Images for object localization:
*** Block opens ***
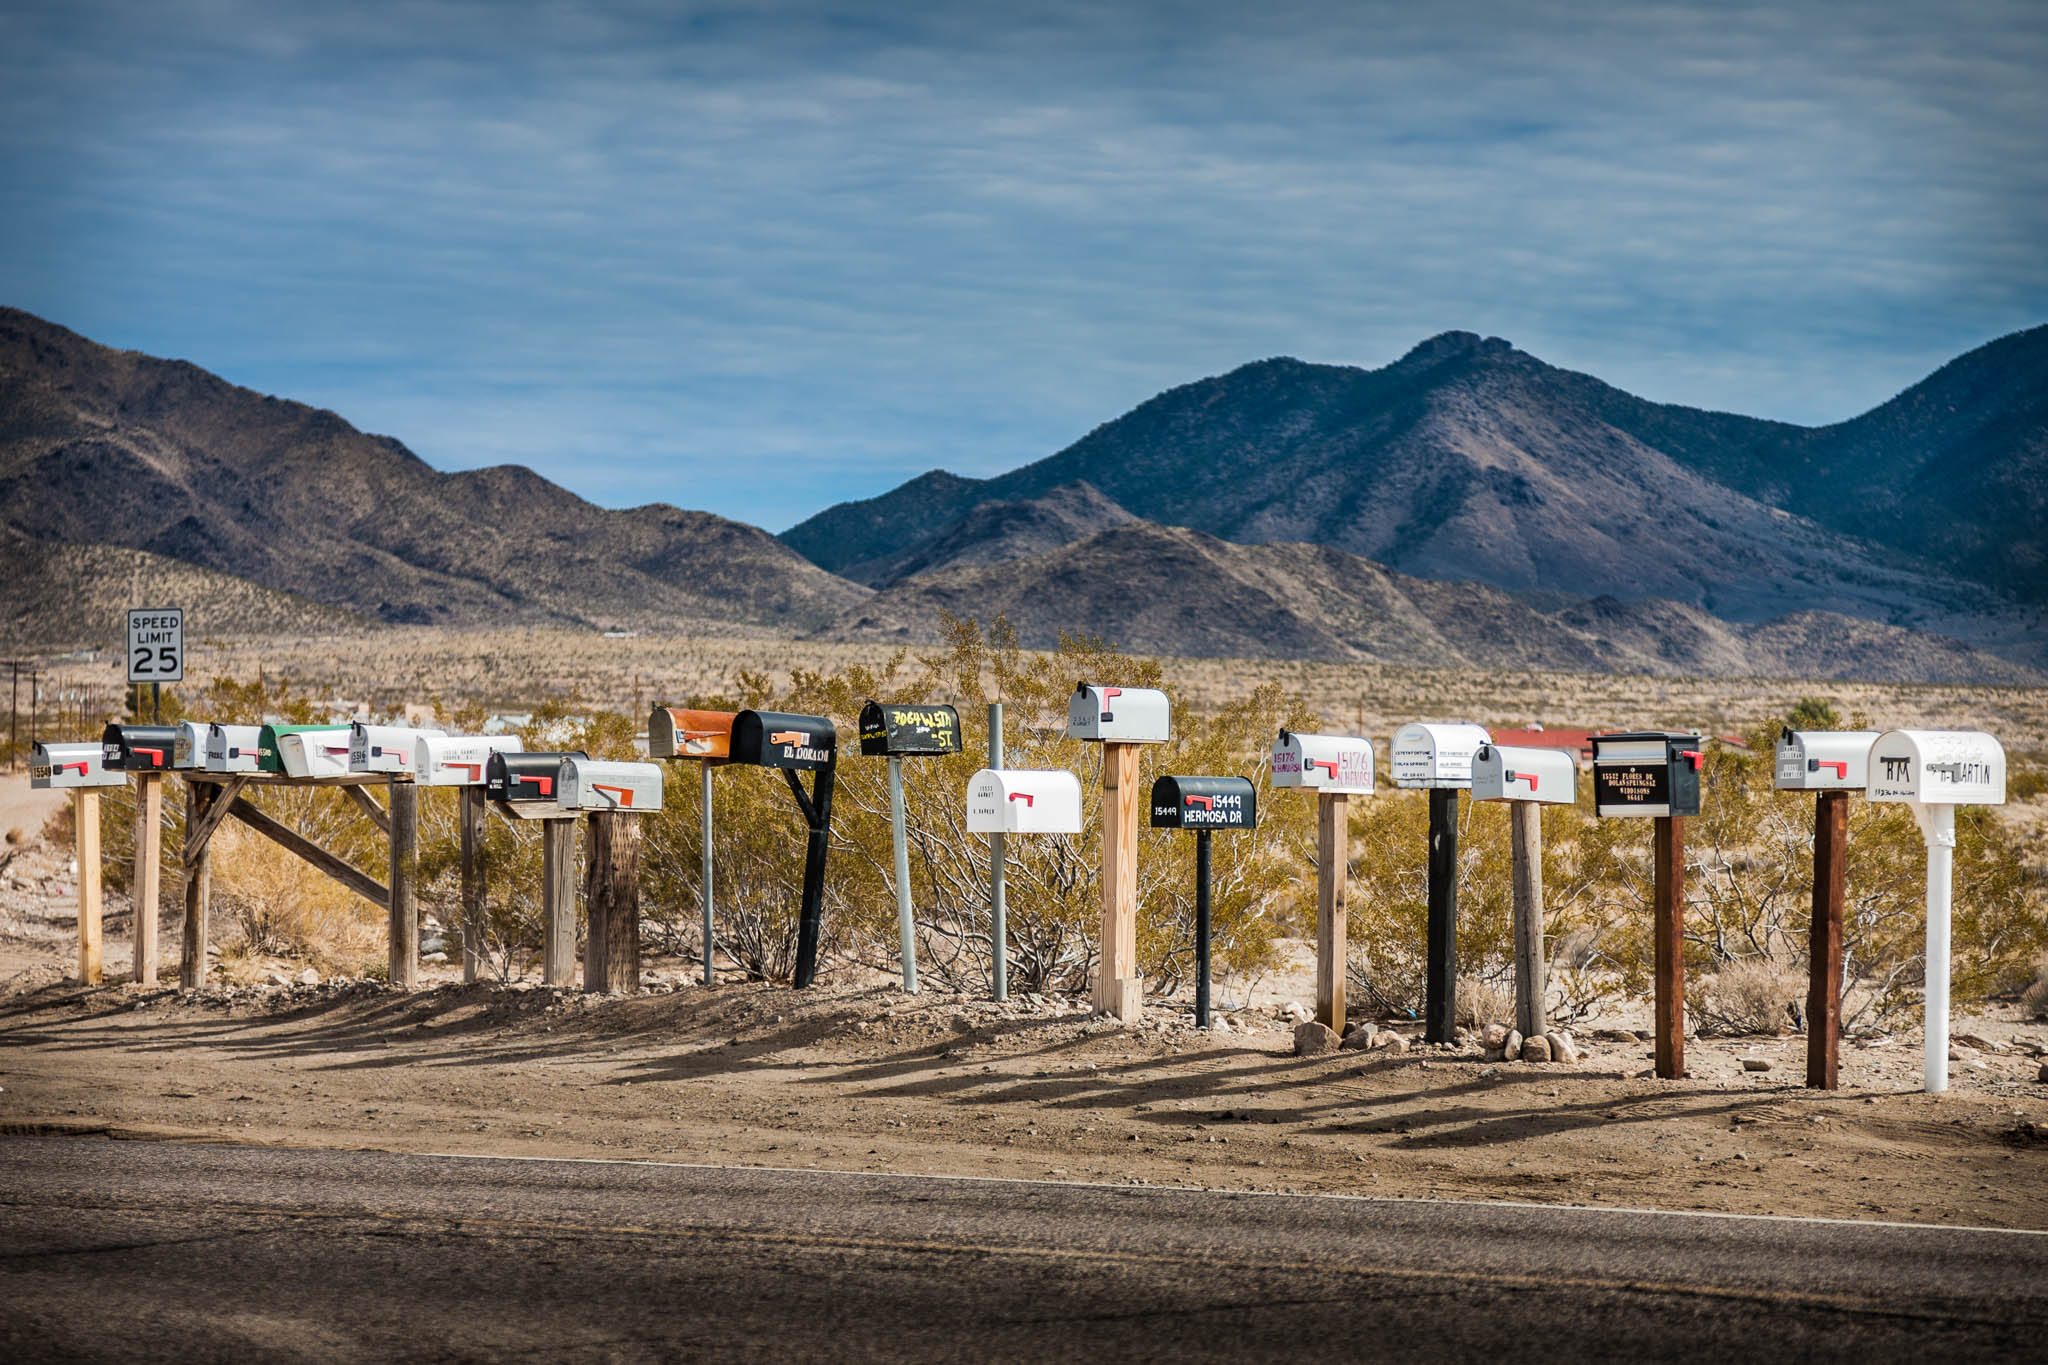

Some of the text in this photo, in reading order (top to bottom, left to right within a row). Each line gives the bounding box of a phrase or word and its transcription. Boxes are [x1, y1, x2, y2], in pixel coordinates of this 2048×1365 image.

[132, 617, 179, 629] SPEED
[137, 632, 173, 644] LIMIT
[133, 647, 178, 673] 25
[784, 745, 794, 759] EL
[1274, 752, 1295, 763] 15176
[1337, 751, 1369, 770] 15176
[1210, 795, 1241, 809] 15449
[1155, 807, 1177, 816] 15449
[1184, 810, 1243, 823] HERMOSA DR
*** Block closes ***
WORK ORDER: The data needs to be reproduced exactly, please, apart from its pictures.

YOUR RESPONSE:
Some of the text in this photo, in reading order (top to bottom, left to right within a row). Each line gives the bounding box of a phrase or word and its transcription. Boxes are [x1, y1, x2, y2], in pixel coordinates of this 2048×1365 image.

[132, 617, 179, 629] SPEED
[137, 632, 173, 644] LIMIT
[133, 647, 178, 673] 25
[784, 745, 794, 759] EL
[1274, 752, 1295, 763] 15176
[1337, 751, 1369, 770] 15176
[1210, 795, 1241, 809] 15449
[1155, 807, 1177, 816] 15449
[1184, 810, 1243, 823] HERMOSA DR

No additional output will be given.